■ **What you will do**: Without any of their pictures, return all of the records exactly.

■ **Material to process**:

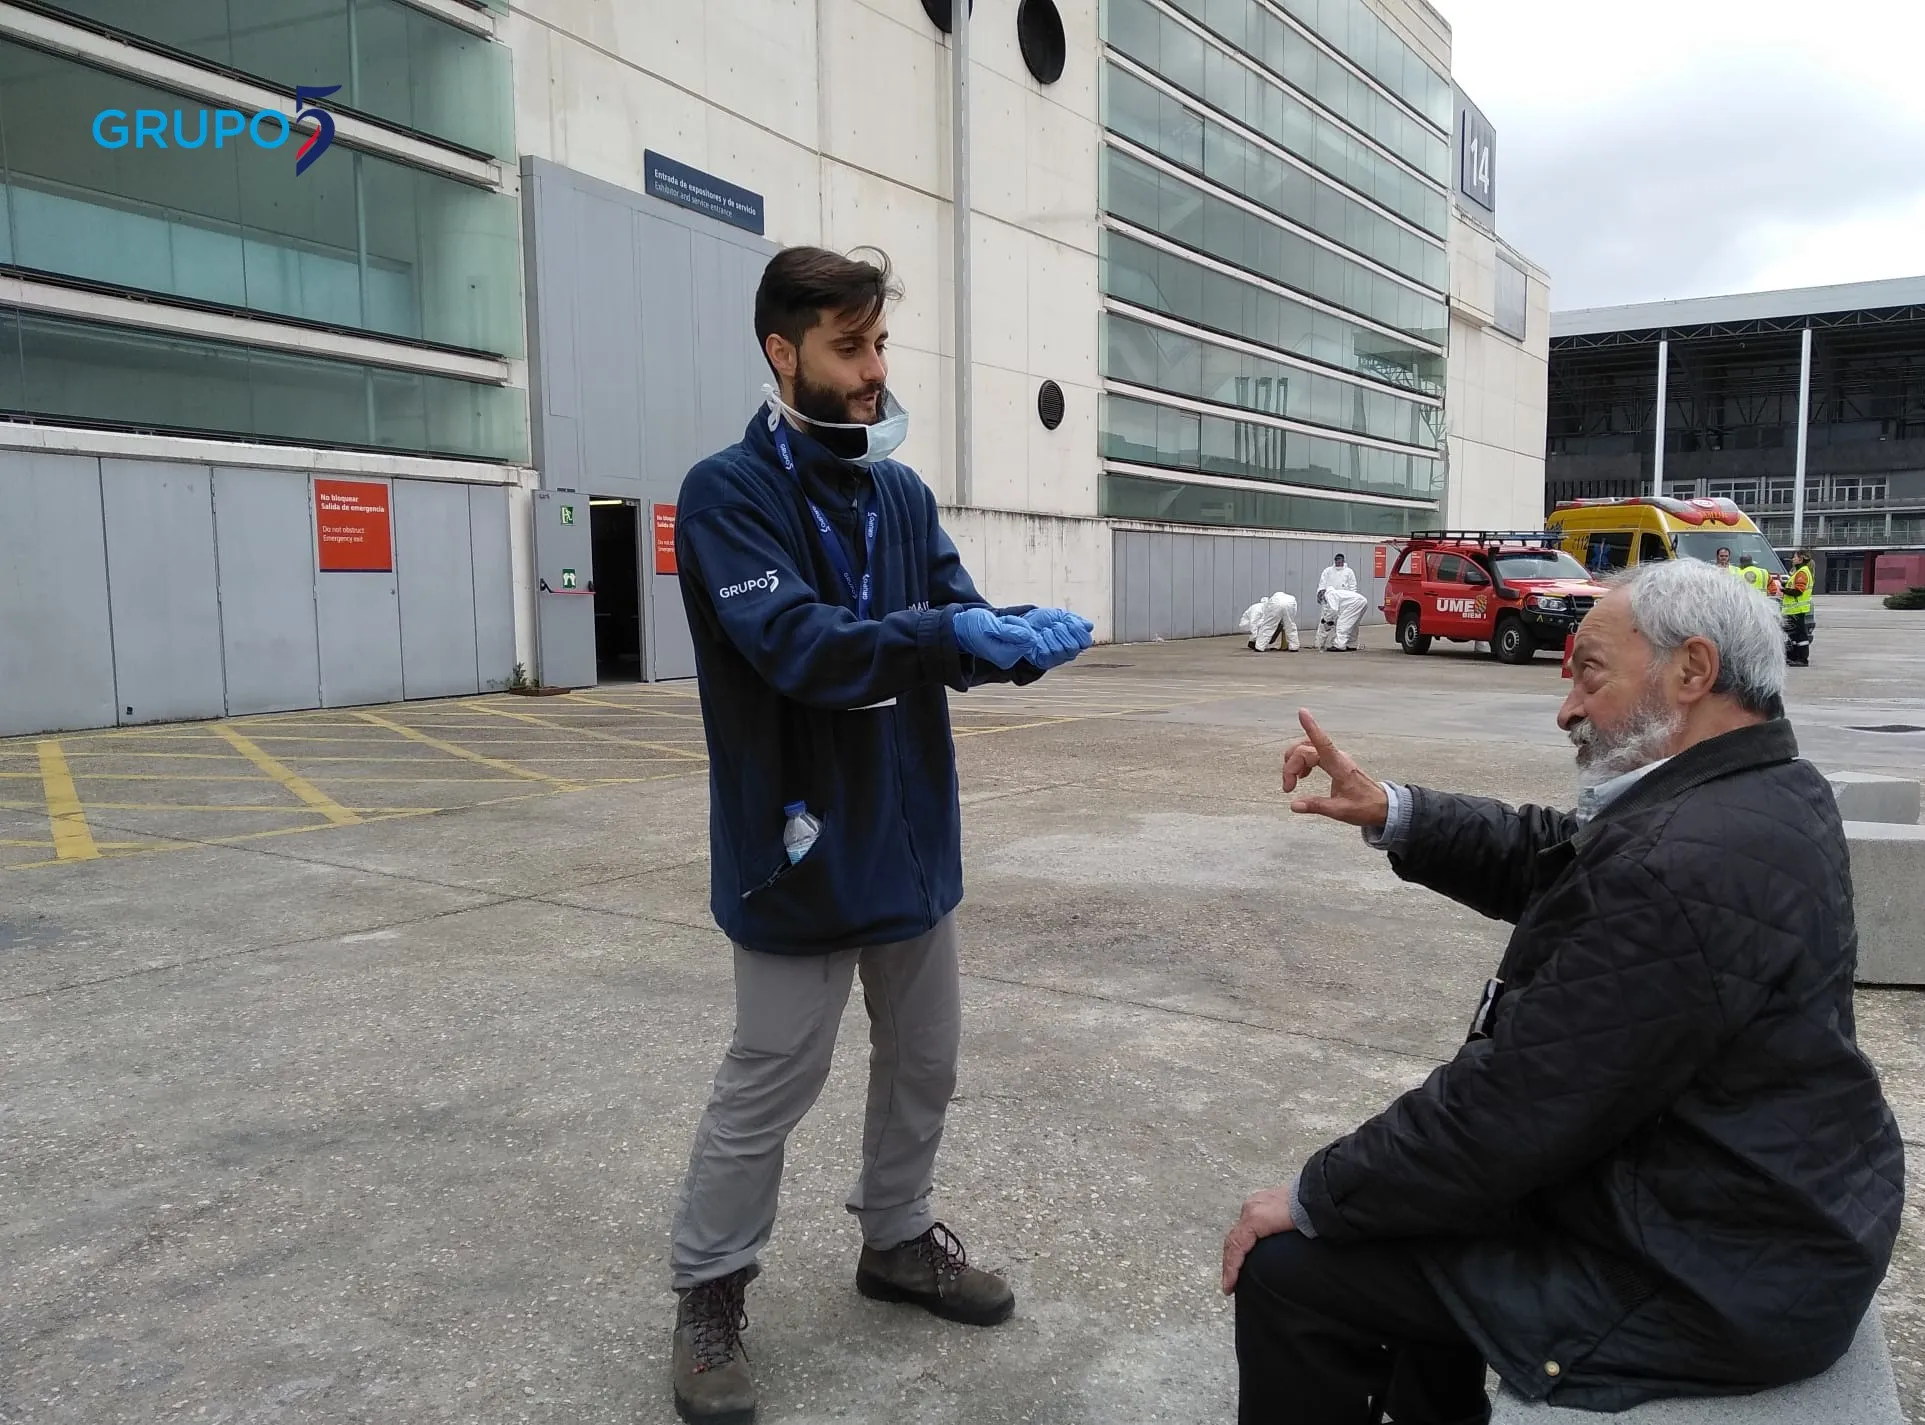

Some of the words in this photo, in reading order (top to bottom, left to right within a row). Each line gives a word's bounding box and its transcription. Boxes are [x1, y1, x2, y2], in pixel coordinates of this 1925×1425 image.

[1470, 137, 1490, 195] 14
[654, 181, 679, 197] Exhibitor
[680, 191, 691, 202] and
[691, 196, 709, 209] service
[711, 204, 732, 217] entrance
[655, 169, 678, 185] Entrada
[679, 179, 688, 190] de
[688, 183, 722, 203] expositores
[722, 197, 727, 206] y
[727, 197, 735, 208] de
[735, 202, 757, 216] servicio
[779, 443, 794, 471] GRUPO5
[331, 494, 358, 502] bloquear
[350, 505, 384, 513] emergencia
[322, 525, 331, 533] Do
[342, 526, 365, 534] obstruct
[323, 535, 353, 543] Emergency
[719, 568, 780, 599] GRUPO5
[1436, 597, 1476, 613] UME
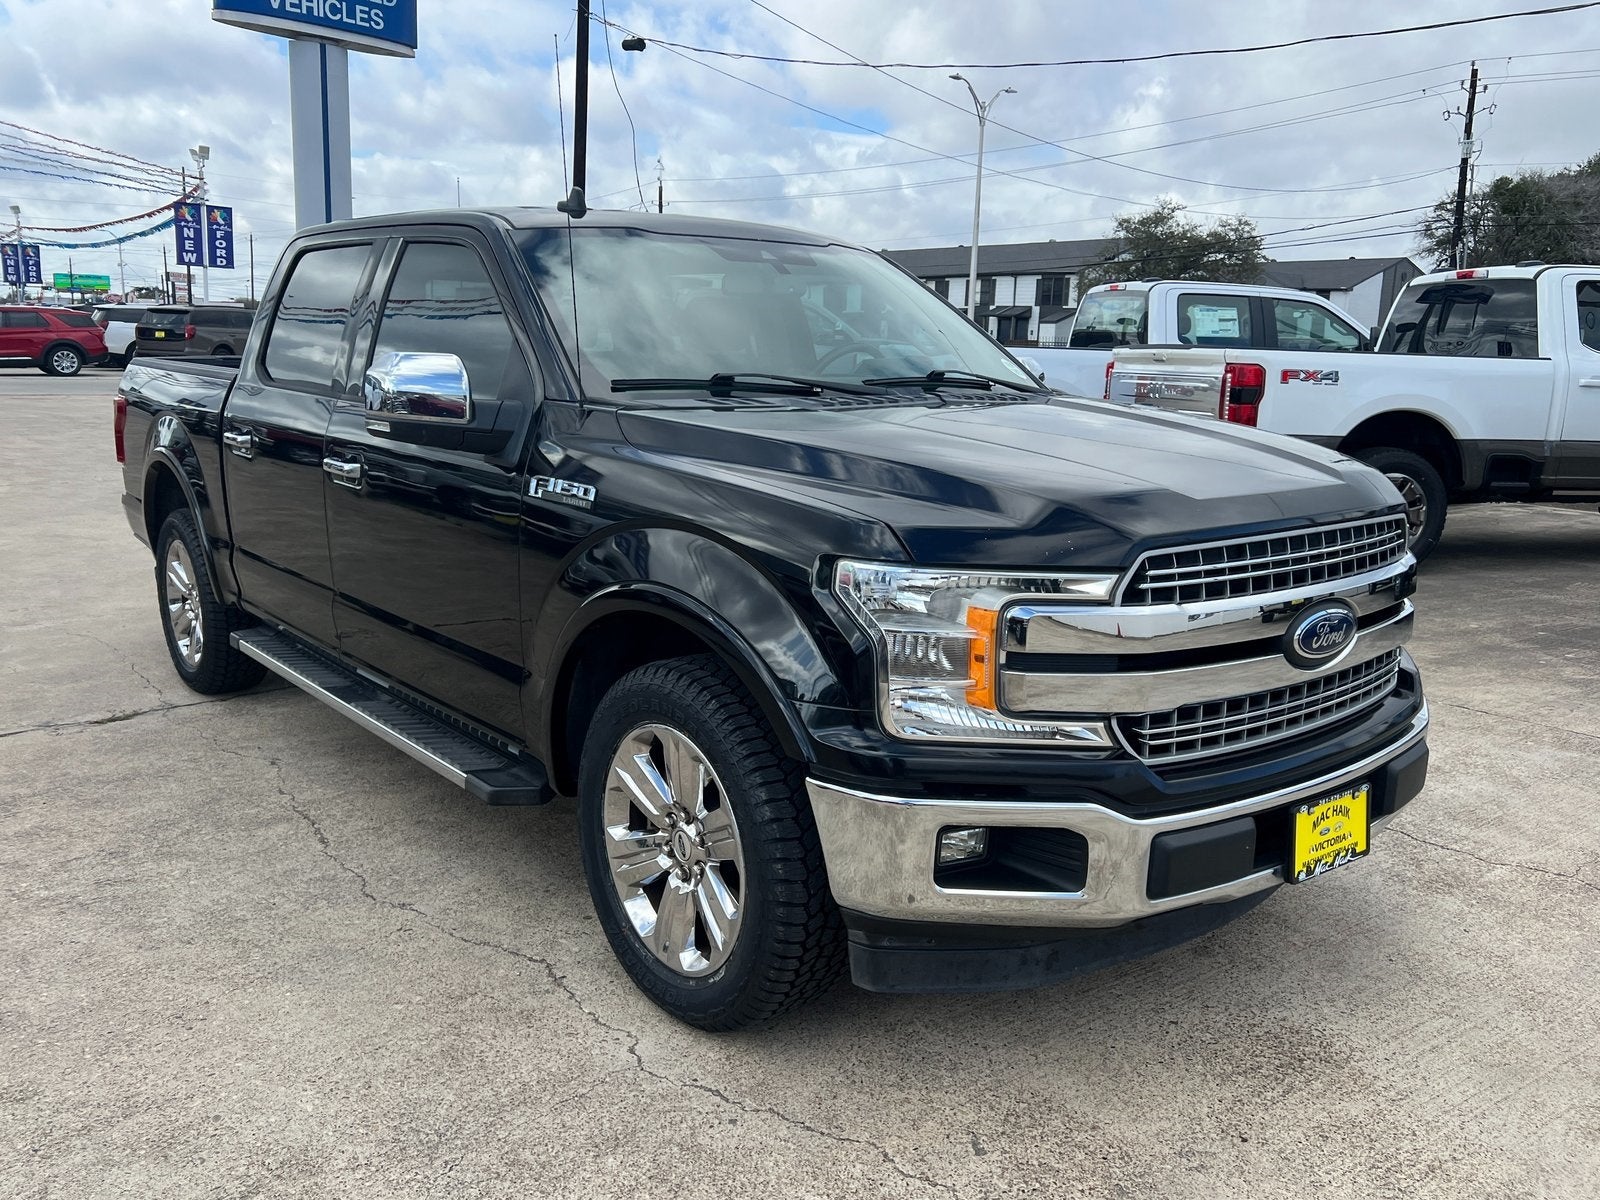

■ **Problem solution**:
Some of the words in this photo, in reading order (top to bottom, left to right within a row). Each line gives a word's bounding box and its transcription. Boxes are [x1, y1, x2, y2], in pixel coordinates of this 1925×1425 image.

[1470, 137, 1490, 195] 14
[654, 181, 679, 197] Exhibitor
[680, 191, 691, 202] and
[691, 196, 709, 209] service
[711, 204, 732, 217] entrance
[655, 169, 678, 185] Entrada
[679, 179, 688, 190] de
[688, 183, 722, 203] expositores
[722, 197, 727, 206] y
[727, 197, 735, 208] de
[735, 202, 757, 216] servicio
[779, 443, 794, 471] GRUPO5
[331, 494, 358, 502] bloquear
[350, 505, 384, 513] emergencia
[322, 525, 331, 533] Do
[342, 526, 365, 534] obstruct
[323, 535, 353, 543] Emergency
[719, 568, 780, 599] GRUPO5
[1436, 597, 1476, 613] UME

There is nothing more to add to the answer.